### PROBLEM TO WORK ON:
The listing below is to be copied exactly, with pictures excluded.
________________________
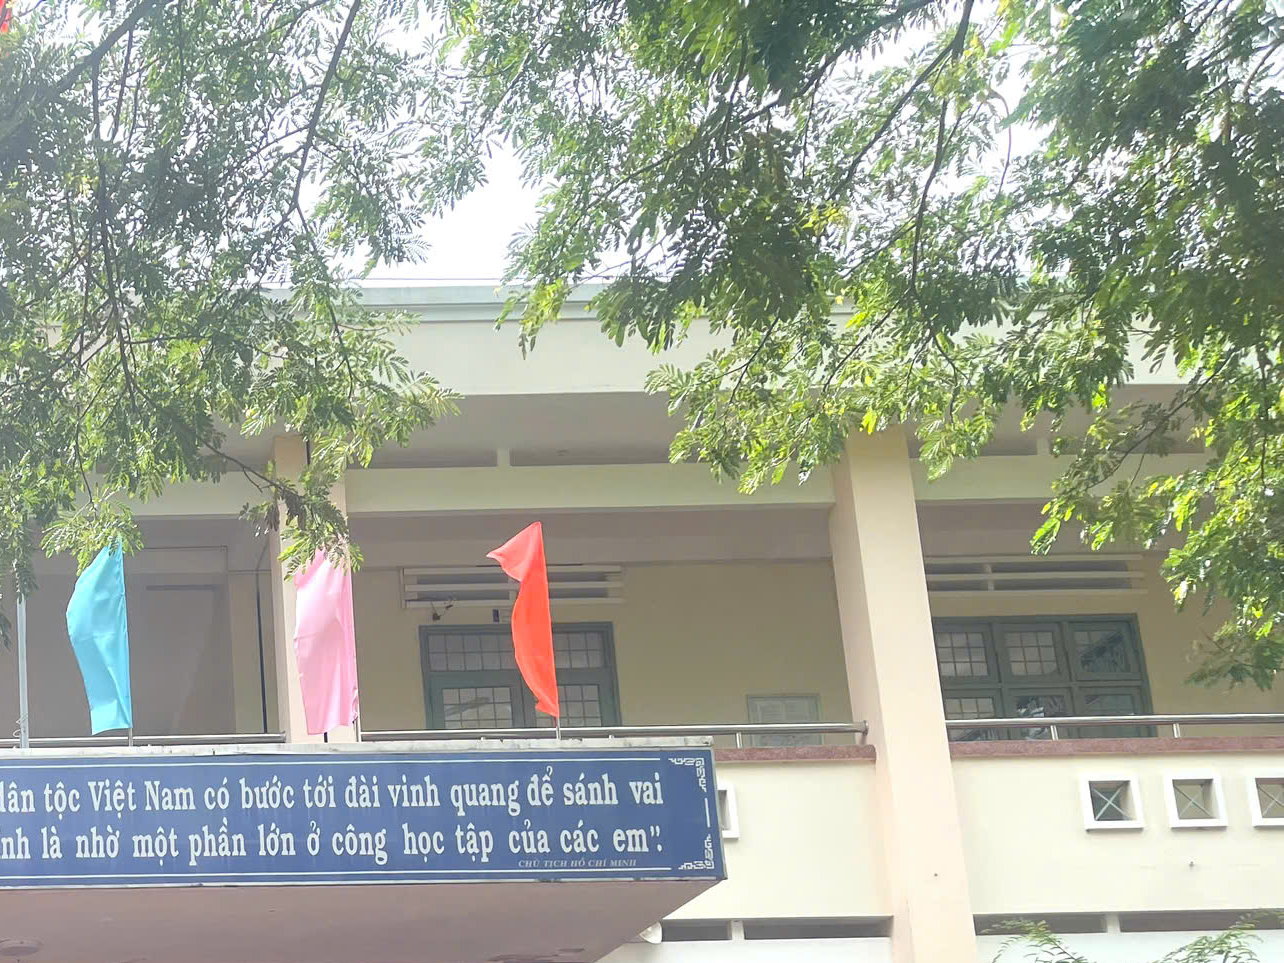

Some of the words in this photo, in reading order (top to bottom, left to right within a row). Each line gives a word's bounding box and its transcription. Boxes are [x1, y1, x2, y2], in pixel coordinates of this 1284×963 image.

[43, 780, 81, 821] tộc
[87, 778, 137, 820] Việt
[143, 780, 197, 811] Nam
[203, 776, 230, 811] có
[238, 774, 295, 809] bước
[302, 774, 337, 809] tới
[344, 774, 381, 808] đài
[387, 774, 441, 808] vinh
[450, 779, 521, 817] quang
[526, 765, 554, 806] để
[562, 772, 619, 806] sánh
[628, 771, 664, 805] vai
[40, 825, 63, 860] là
[75, 824, 121, 859] nhờ
[131, 825, 180, 867] một
[187, 816, 247, 867] phần
[257, 822, 296, 857] lớn
[306, 820, 321, 856] ở
[331, 823, 388, 866] công
[401, 822, 445, 863] học
[454, 822, 494, 863] tập
[508, 818, 551, 854] của
[559, 819, 600, 854] các
[610, 859, 637, 867] MINH
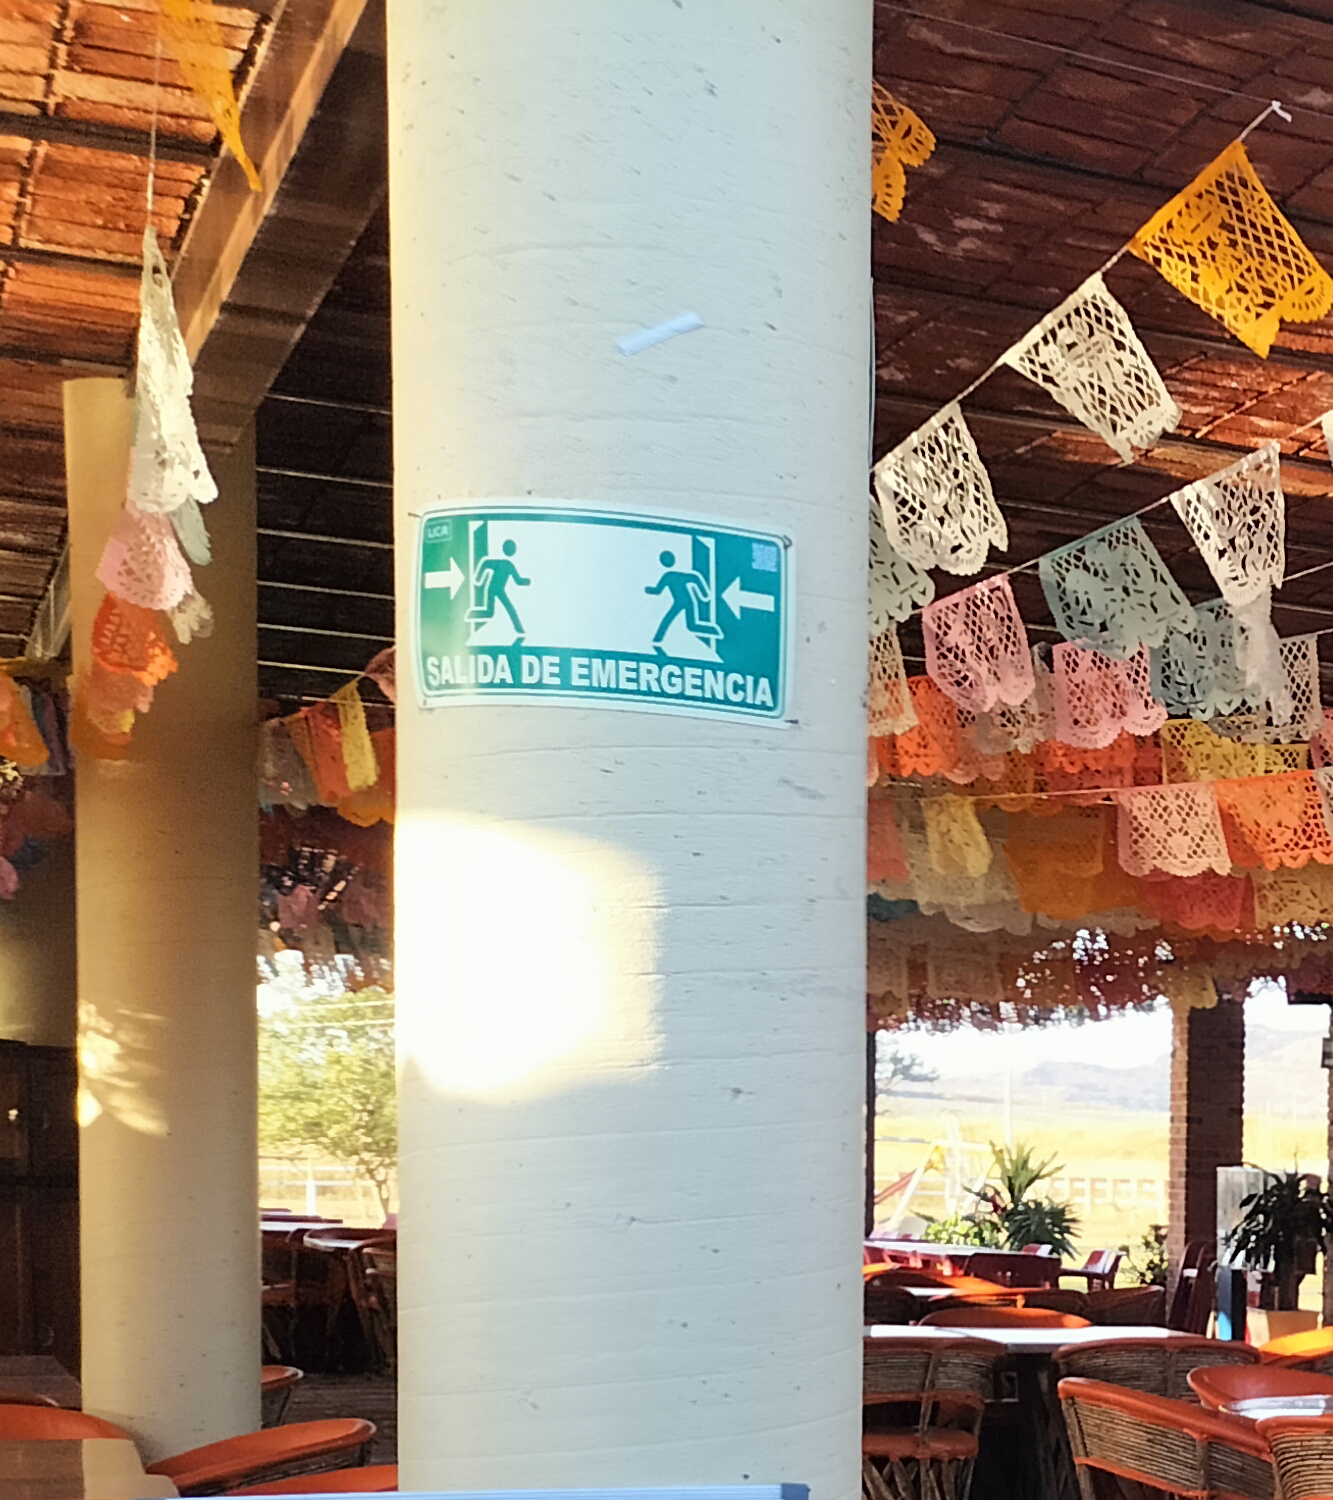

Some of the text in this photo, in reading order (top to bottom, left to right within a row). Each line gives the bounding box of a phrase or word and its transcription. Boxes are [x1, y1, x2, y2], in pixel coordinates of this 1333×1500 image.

[427, 654, 774, 707] SALIDA DE EMERGENCIA
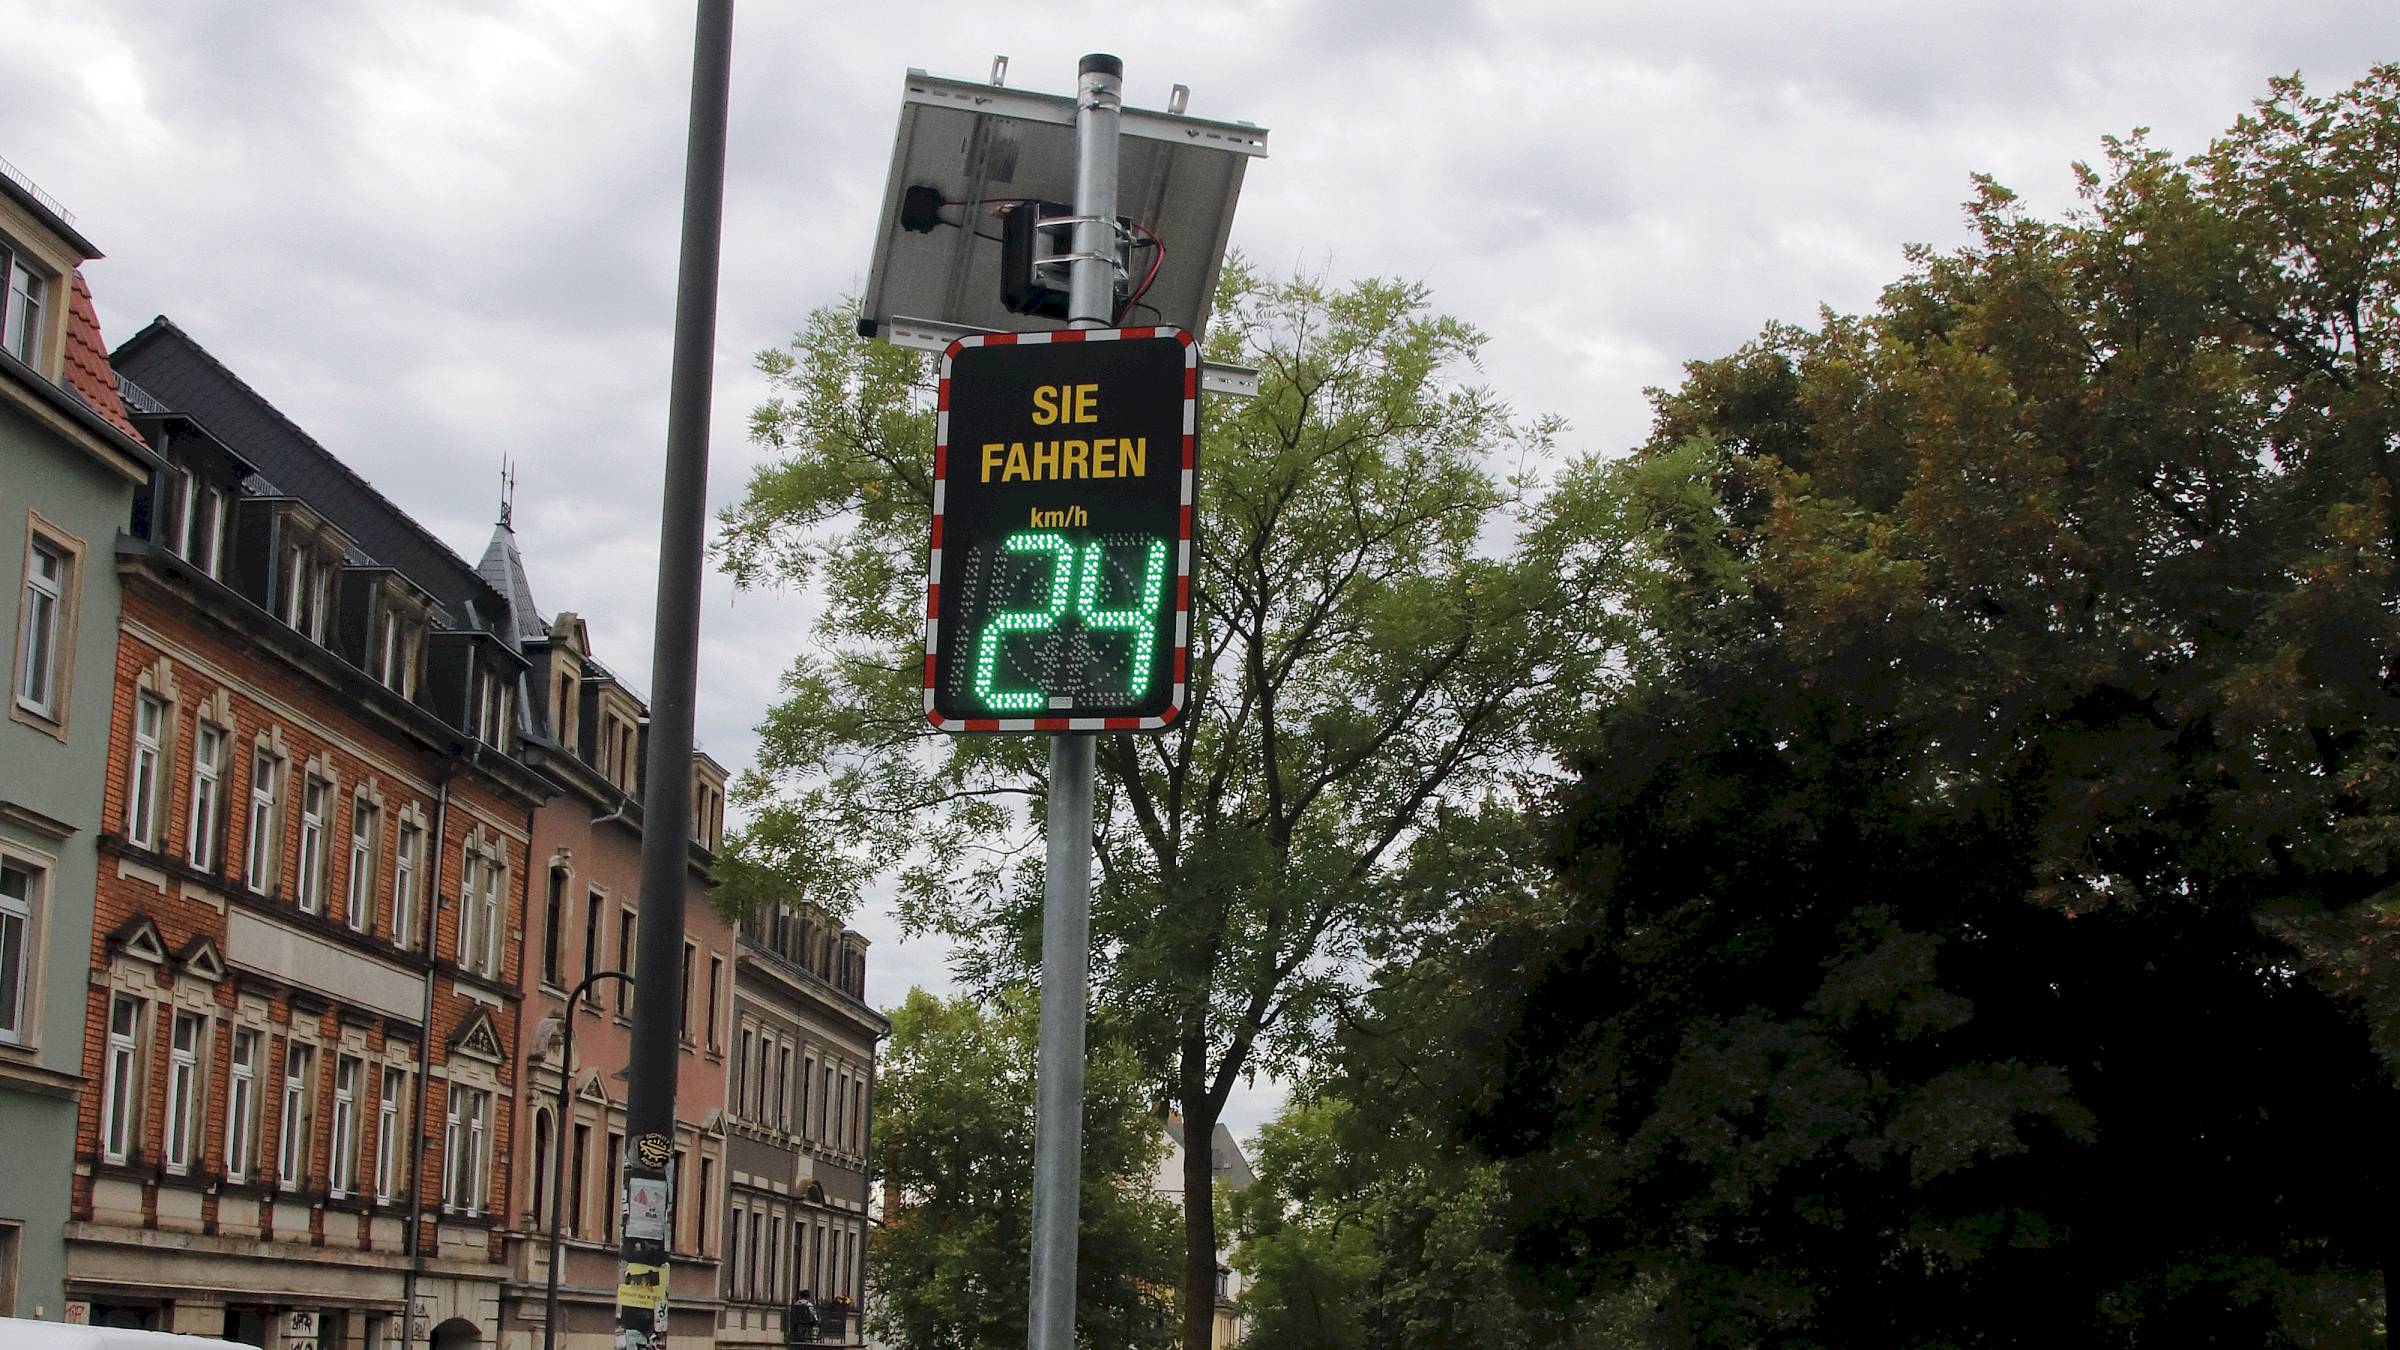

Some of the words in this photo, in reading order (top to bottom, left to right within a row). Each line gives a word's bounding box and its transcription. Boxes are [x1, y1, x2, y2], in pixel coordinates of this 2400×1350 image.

[1032, 384, 1099, 426] SIE
[981, 437, 1147, 483] FAHREN
[1030, 506, 1088, 529] km/h
[975, 533, 1167, 709] 24
________________________
### REPLY TO THE EXERCISE:
Some of the words in this photo, in reading order (top to bottom, left to right within a row). Each line gives a word's bounding box and its transcription. Boxes are [x1, y1, x2, y2], in pixel coordinates of this 1284×963 image.

[43, 780, 81, 821] tộc
[87, 778, 137, 820] Việt
[143, 780, 197, 811] Nam
[203, 776, 230, 811] có
[238, 774, 295, 809] bước
[302, 774, 337, 809] tới
[344, 774, 381, 808] đài
[387, 774, 441, 808] vinh
[450, 779, 521, 817] quang
[526, 765, 554, 806] để
[562, 772, 619, 806] sánh
[628, 771, 664, 805] vai
[40, 825, 63, 860] là
[75, 824, 121, 859] nhờ
[131, 825, 180, 867] một
[187, 816, 247, 867] phần
[257, 822, 296, 857] lớn
[306, 820, 321, 856] ở
[331, 823, 388, 866] công
[401, 822, 445, 863] học
[454, 822, 494, 863] tập
[508, 818, 551, 854] của
[559, 819, 600, 854] các
[610, 859, 637, 867] MINH

Some of the text in this photo, in reading order (top to bottom, left to right within a row). Each line gives the bounding box of a phrase or word and its transcription. Boxes are [x1, y1, x2, y2], in pixel coordinates of this 1333×1500 image.

[427, 654, 774, 707] SALIDA DE EMERGENCIA

Some of the words in this photo, in reading order (top to bottom, left to right within a row). Each line gives a word's bounding box and its transcription. Boxes are [x1, y1, x2, y2], in pixel coordinates of this 2400×1350 image.

[1032, 384, 1099, 426] SIE
[981, 437, 1147, 483] FAHREN
[1030, 506, 1088, 529] km/h
[975, 533, 1167, 709] 24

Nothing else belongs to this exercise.